プラハ現代建築のシンボル
「ダンシングハウス」がなんとホテルに!

 プラハの中心を流れるヴルタヴァ川のほとりに、中世の世界遺産の街に溶け込まない一風変わった現代建築があります。その名は「ダンシングハウス」。建物のシェイプが男と女がダンスをしているように見えることから、その名がつきました。さらにそれぞれの建物は、往年のミュージカル映画で洗練されたダンスをみせて観客を魅了した銀幕の大スター、フレッド・アステアとジンジャー・ロジャースの名でよばれています。

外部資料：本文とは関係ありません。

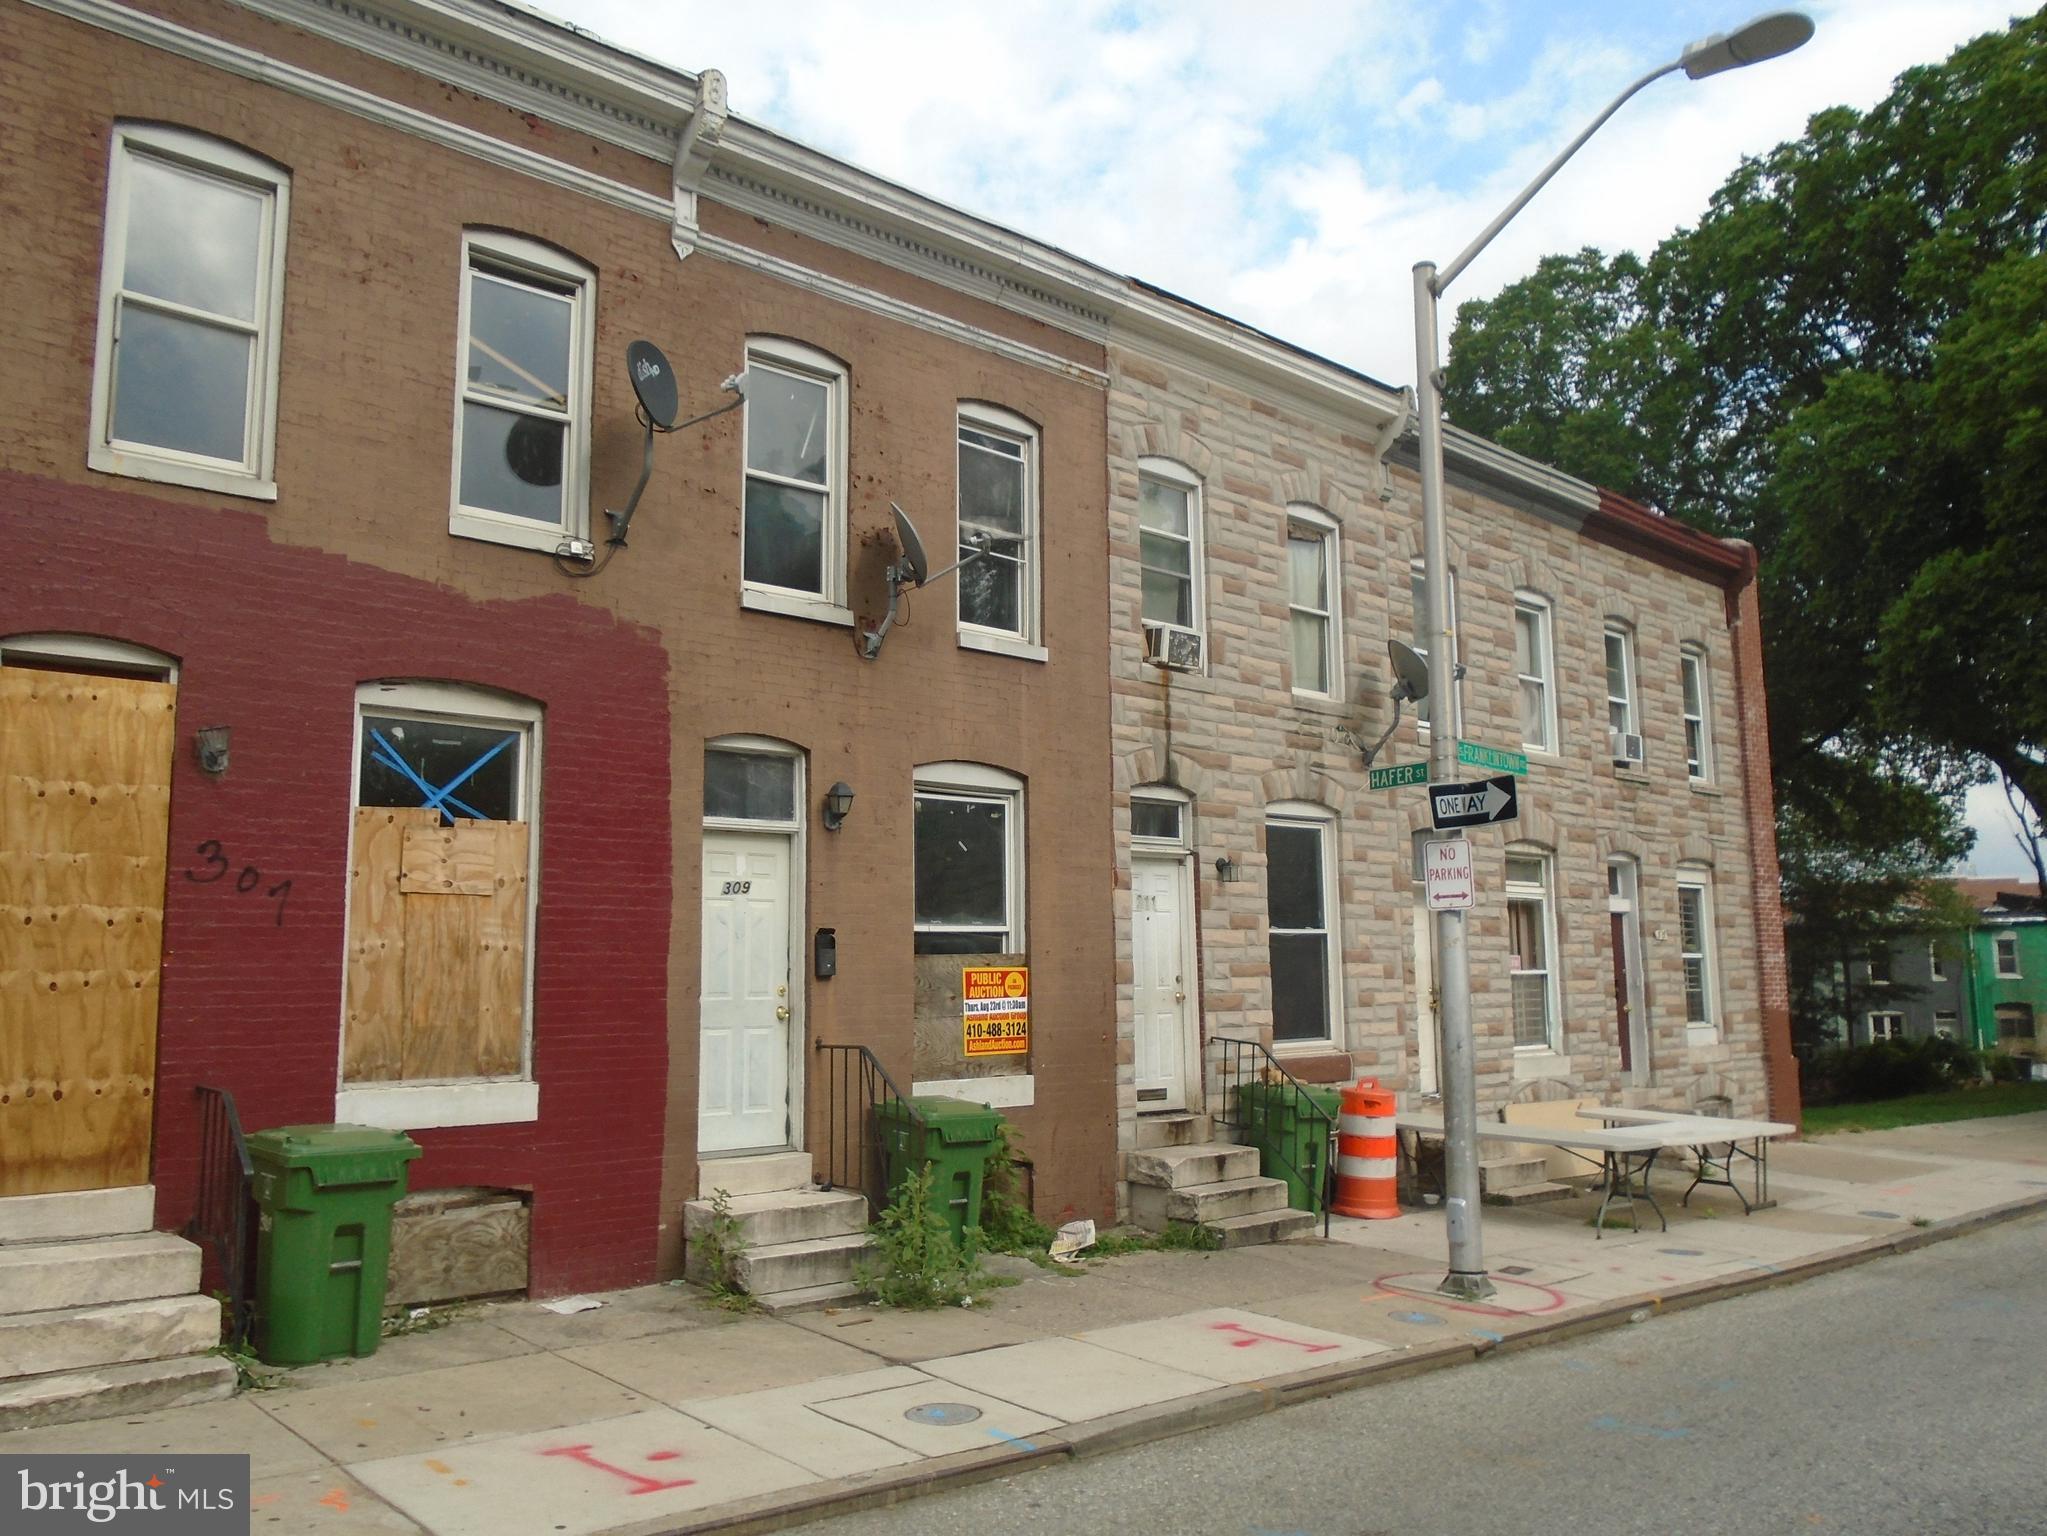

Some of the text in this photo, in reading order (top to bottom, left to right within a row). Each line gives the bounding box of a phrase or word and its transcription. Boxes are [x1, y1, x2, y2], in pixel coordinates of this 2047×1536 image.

ダンシングハウスという名前通り、まるで踊っているよう!

 もともとこの建物があった場所は、第二次世界大戦中にアメリカ軍によって爆撃された場所でした。当時アメリカ軍は、ドイツのドレスデンと間違えてプラハに爆弾を投下したという驚くべき事実も残っています。戦後、チェコスロヴァキア共和国は社会主義時代へ突入。この場所は再建設の議論をめぐって何十年と放置されていました。

ダンシングハウスからのプラハ城の景色は絶景です。

 たまたまこの土地を所有していたのが、ヴァーツラフ・ハヴェル 。彼は1989年のビロード革命後、チェコスロヴァキア共和国大統領に選出され、社会主義時代の自由化運動を推進し、国民からの圧倒的な支持を得た人物です。

 そして、隣接した土地にはアパートが立っており、そこには建築家のヴラド・ミルニッチが下宿していました。この偶然の出会いが、ダンシングハウスを生み出すことになります。ハヴェルは、ミルニッチに建築を依頼し、ミルニッチは世界的な建築家、フランク・ゲーリーと協力して、この斬新な建物を完成させました。

 もしアメリカ軍による誤爆がなかったら……、もしハヴェルがここを所有していなかったら……、そしてハヴェルとミルニッチの出会いがなかったら……。偶然と奇跡が生み出した建物ともいわれています。

入口は建物を支える支柱が何本も。まるで女性のスレンダーな足のよう!

 “社会の静と動”をコンセプトに完成したダンシングハウス。プラハにかつてなかったデザインだったために、1996年に完成すると国民やメディアから賛否両論が噴出しましたが、20年を経た現在では、プラハの顔のひとつとしてすっかり定着しています。